Monthly Archives: January 2022

Sarah Jane Gray

In my efforts to trace my family history, my maternal great Grandfather, Ed Wilkins has been a stumbling block.  As I have written previously, he shows up at 18 in Plymouth County as a farm worker. Despite eventually becoming a modest success in both his own business and personal life, the only information he ever reveals in censuses or other formal documents about his past is that he and his parents were born in Missouri.  No searches turn up anything further.  It is as though a whole branch of the family tree had been lopped off.

There was some unsupported suggestion in one family tree that his mother’s name was Sarah Jane Gray.  Trying to connect her with either Ed or Missouri, though, was a bit tenuous.  There was a J. Wilkins married to a Sarah, with one child Mary, in Arkansas, and Wilkins had listed his birth state as Missouri, but that was it.  It addition, on searches for Sarah Jane Wilkins, the name Sarah Puck kept coming up, but, again, I could find no way to connect her to Ed. For quite a while, I gave up.

Last year, I had a DNA test done with Ancestry.com in order to see if there were any links to people in my family tree, and a small amount of DNA that linked to decedents of Sarah Jane Gray turned up.  I decided to renew my search , this time also looking deeper in to Sarah Jane Puck, though she had apparently been married to James Puck for over 40 years. What caught my eye, though, was that the Puck family lived in Sioux City, Iowa, which is where my grandfather, Victor Wilkins, Ed’s son, had been born, so there was a potential connection. 

A much stronger bit of evidence came through when I found a document that was a delayed birth certificate for Mable Puck.  Mable’s mother was listed as Sarah Jane Gray, born in Arkansas and her father as James Puck.  The document was signed by a Mary Emma Flinn who identified herself as Mable’s sister. Ordinarily, this would be no surprise because Flinn was probably Mary’s married surname.  Oddly, though, Mary was not listed in any census as a child of Sarah and/or James, though, Mable was.  What did ring a bell, though was that the Sarah married to J. Wilkins in Arkansas had a daughter named Mary and their ages matched.  Further research on Mary Flinn revealed that her husbands name was Matthew Flinn, and even more importantly, on a record of the marriage of their son, Frank, the name of his mother was listed as Mary Wilkins.  Finally, Mary Emma Wilkins’ obituary lists her father as Joseph Wilkinson born in Herbeyville, MO and Sarah Jane Gray of Benton, Arkansas as her parents. .  Thus, the connection between   Sarah Jane Gray, Mary Emma Wilkins, and seems pretty solid.
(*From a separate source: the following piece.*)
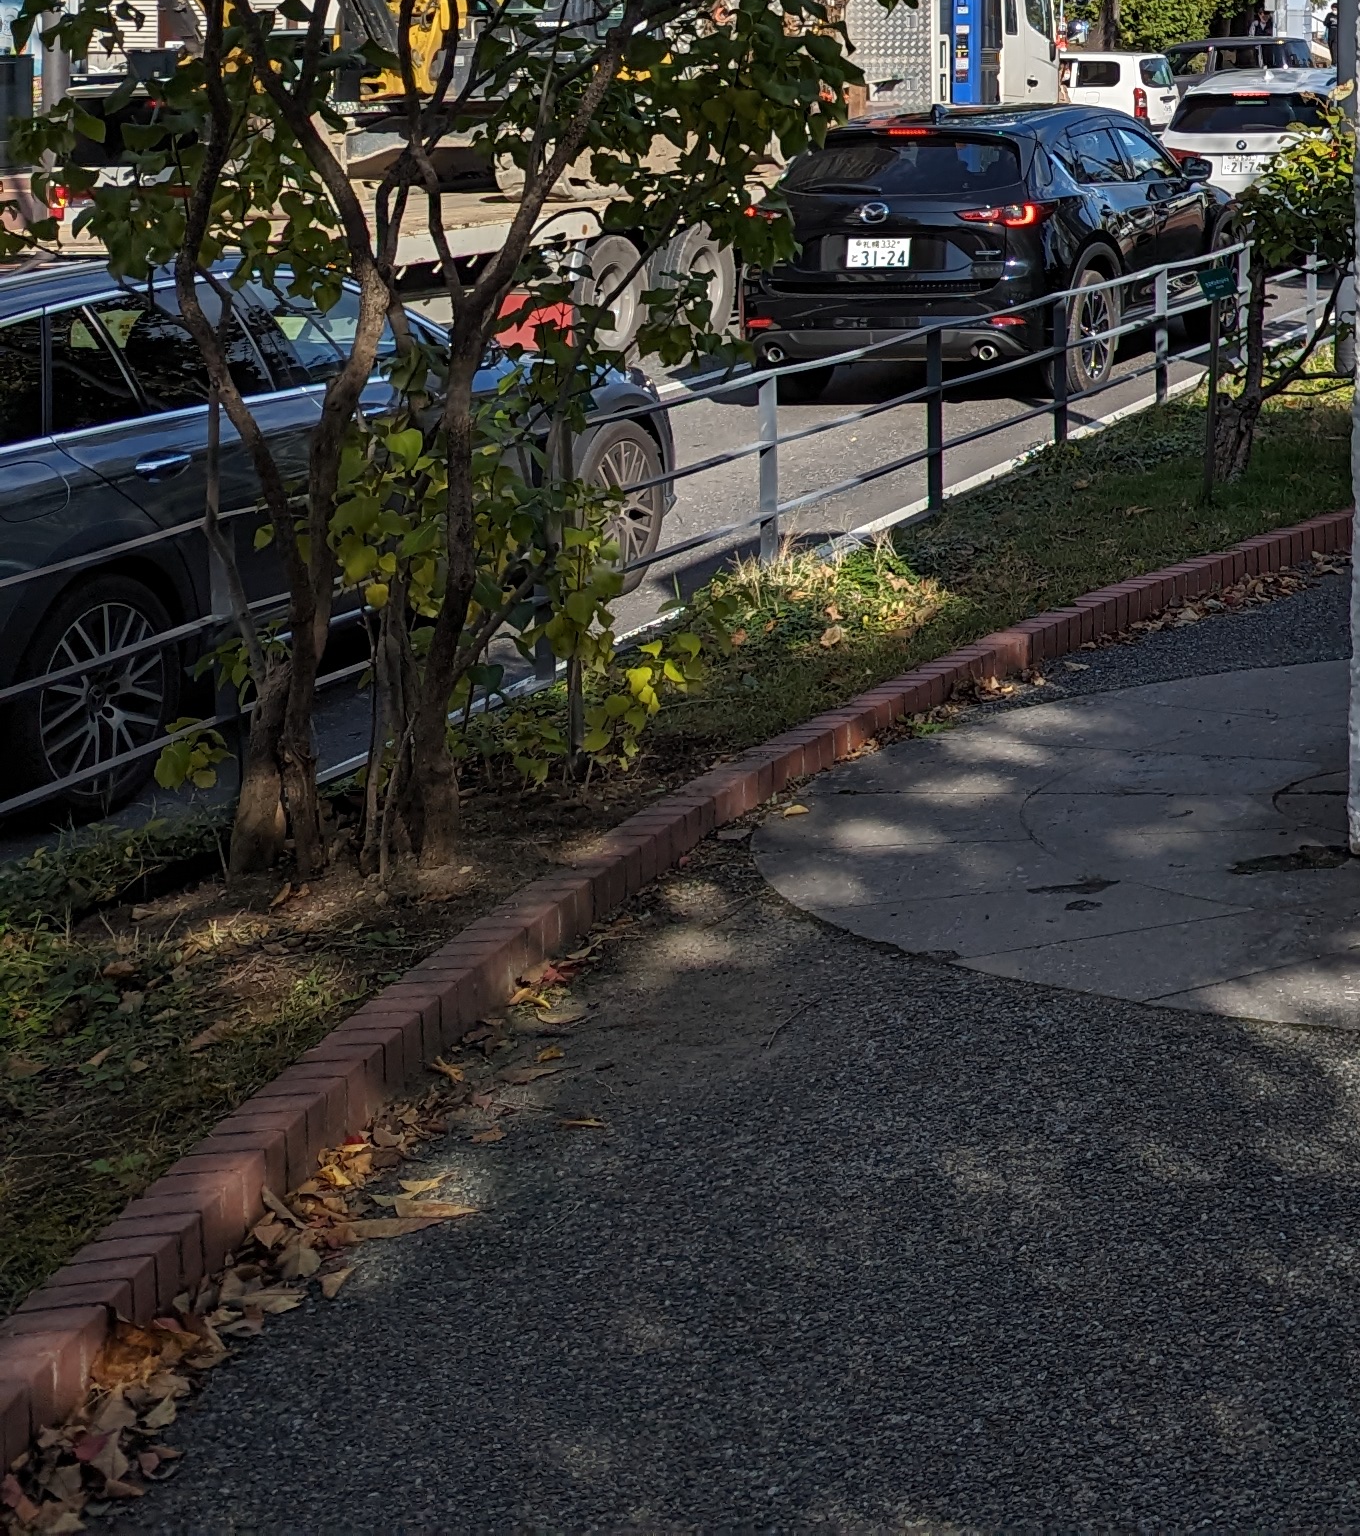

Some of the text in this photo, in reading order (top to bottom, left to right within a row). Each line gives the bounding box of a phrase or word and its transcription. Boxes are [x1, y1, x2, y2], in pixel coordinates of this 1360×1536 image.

[880, 239, 896, 249] 332
[851, 250, 905, 266] と 31-24
But where does Ed fit in to all of this circumstantial evidence?  The 1860  census lists Mary as 7 months old, so she was born in 1859.    Ed Wikins was born in 1867.   We know that in 1860 Sarah Jane was living in Arkansas with her husband Joseph Wilkins and daughter Mary, but by 1880 she was living in  Sioux City and married to  James Puck.  Mary was also in Sioux City with her husband.  No  records from 1870 have been found to be able to tell when her first husband died or she married her second husband, so Ed is not on any of those records with her. However, in 1880, at 13 years old he was living and working on a farm in Plymouth Co., Iowa, which today is considered a suburb of Sioux City, so it is possible that after Sarah Jane married, Ed was sent out to work.  On the other hand, Sarah Jane and Ed may not be related at all.  The mystery continues.